In 1974, approximately 40,000 Turkish troops under the command of Lieutenant Nurettin Ersin implemented their invasion plan, code-named ‘Attila’, illegally invading the island in violation of the UN Security Council Charter.
Turkey still illegally occupies 37 per cent of Cyprus’ territory.
Turkish troops invaded Cyprus on July 20, 1974, five days after the legal government of the late Archbishop Makarios III was toppled by a military coup, engineered by the military junta then ruling Greece. Two unproductive conferences in Geneva followed; the first between Britain, Greece and Turkey and the second with the additional attendance of Greek Cypriot and Turkish Cypriot representatives. Three weeks after the ceasefire of July 22, and despite the fact that talks were still being held and just as an agreement seemed about to be reached, the Turkish army mounted a second full-scale offensive. As a result, Turkey increased its hold to include the booming tourist resort of Famagusta in the east and the rich citrus-growing area of Morphou in the west.
All in all, almost 37% of the territory of the Republic of Cyprus came under Turkish military occupation. Nearly one-third of the population, some 200,000 Greek Cypriots, were forcibly uprooted from their homes and properties, thousands were killed during the hostilities, over 1,000 persons were listed as missing while thousands of Greek Cypriots and Maronites remained enclaved.
Numerous UN resolutions have demanded respect to the independence, unity and territorial integrity of Cyprus, the return of the displaced to their homes, and the withdrawal of foreign troops from the island, but all resolutions have been ignored by Turkey.
The National Federation of Cypriots in the UK last week, July 14th rallied a virtual All-Party Parliamentary Group ‘Cyprus@60: Opportunities, Challenges, Prospects for Reunification’. The Cypriot Foreign Minister Nikos Christodoulides briefed the APPG and members of the UK Cypriot community with the latest developments on the Cyprus issue, as well as other developments in the Eastern Mediterranean region.
He explained that Cyprus has always had a positive agenda and has never sought a “negative” foreign policy. He also noted that Cyprus strives to cooperate with its neighbouring countries on common principles and forge close partnerships across a wide range of fields.

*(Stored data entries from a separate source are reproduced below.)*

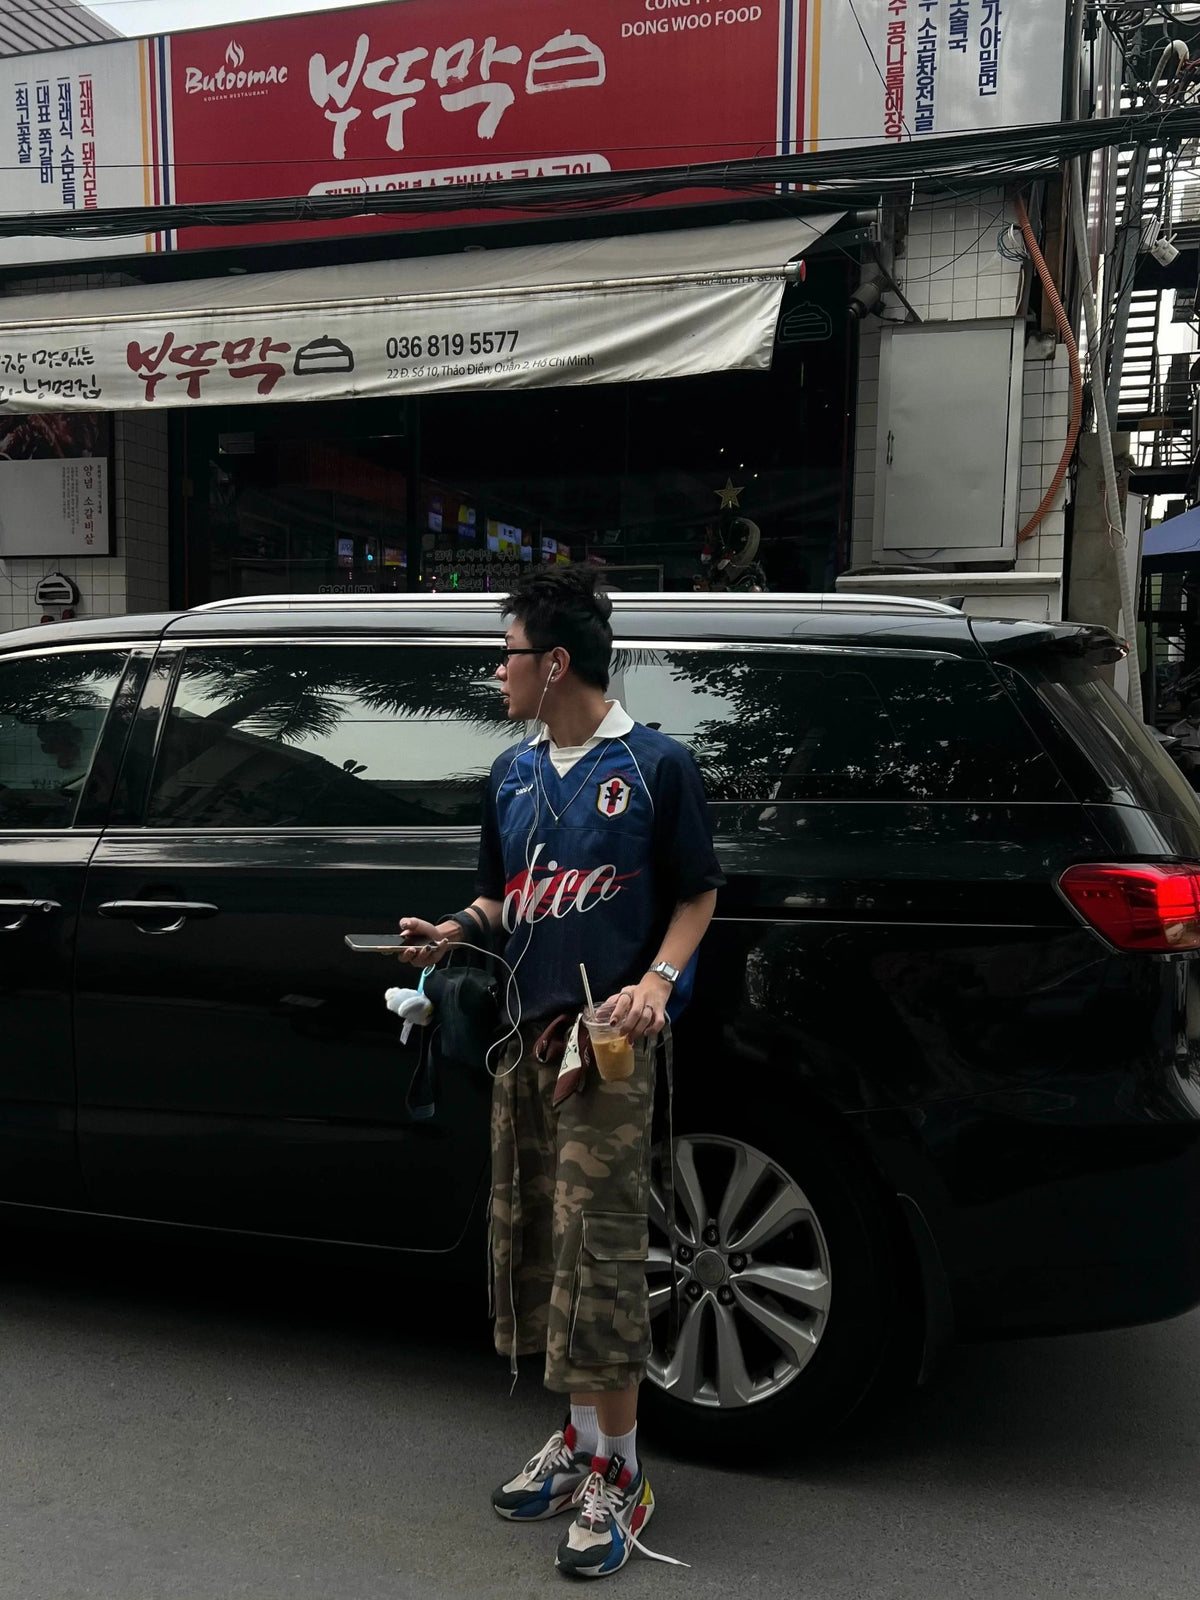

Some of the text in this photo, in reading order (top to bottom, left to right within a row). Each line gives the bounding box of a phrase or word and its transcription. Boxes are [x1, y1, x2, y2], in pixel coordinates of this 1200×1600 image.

[621, 5, 762, 38] DONG WOO FOOD
[978, 0, 1002, 96] 가야밀면
[185, 65, 288, 94] Butoomac
[203, 89, 269, 102] KOREAN RESTAURANT
[36, 85, 52, 123] 대표
[57, 82, 73, 140] 재래식
[79, 80, 95, 137] 재래식
[386, 330, 519, 359] 036 819 5577
[386, 369, 399, 379] 22
[411, 363, 425, 378] Số
[427, 366, 440, 378] 10,
[494, 360, 521, 374] Quận
[549, 356, 566, 368] Chí
[568, 354, 595, 367] Minh

He assured the Parliamentarians that Cyprus remains “strongly committed” to efforts to reunify the island and its people and that it remains ready to resume negotiations from where they have stopped.
The Federation President, Christos Karaolis, emphasised the tragedy of the fact that the Republic of Cyprus has “only been free and united for less than a quarter of its entire existence”. Mr Karaolis said, “what we want is simple, fair and rooted in international law – a free, re-united Cyprus that is based on the relevant United Nations Security Council Resolutions and High-Level Agreements.”
Karaolis also spoke of the close relationship that Britain and Cyprus share and said that “in a world where it [the UK] is not a member of the European Union, it can safely look towards the Republic of Cyprus as a reliable and predictable partner.” He concluded by paying tribute to all Presidents of the Republic of Cyprus since 1960 for “their immense contribution to Cyprus’ growing national story.” He also expressed gratitude towards all the British parliamentarians who have opposed the occupation of Cyprus and stood beside Cyprus during its first 60 years of independence.
Listen to the full broadcast on LGR this Monday evening from 7pm.
46 years on from the most tragic page in the Republic of Cyprus’ history, at 5:30am the war sirens rang around the island once more.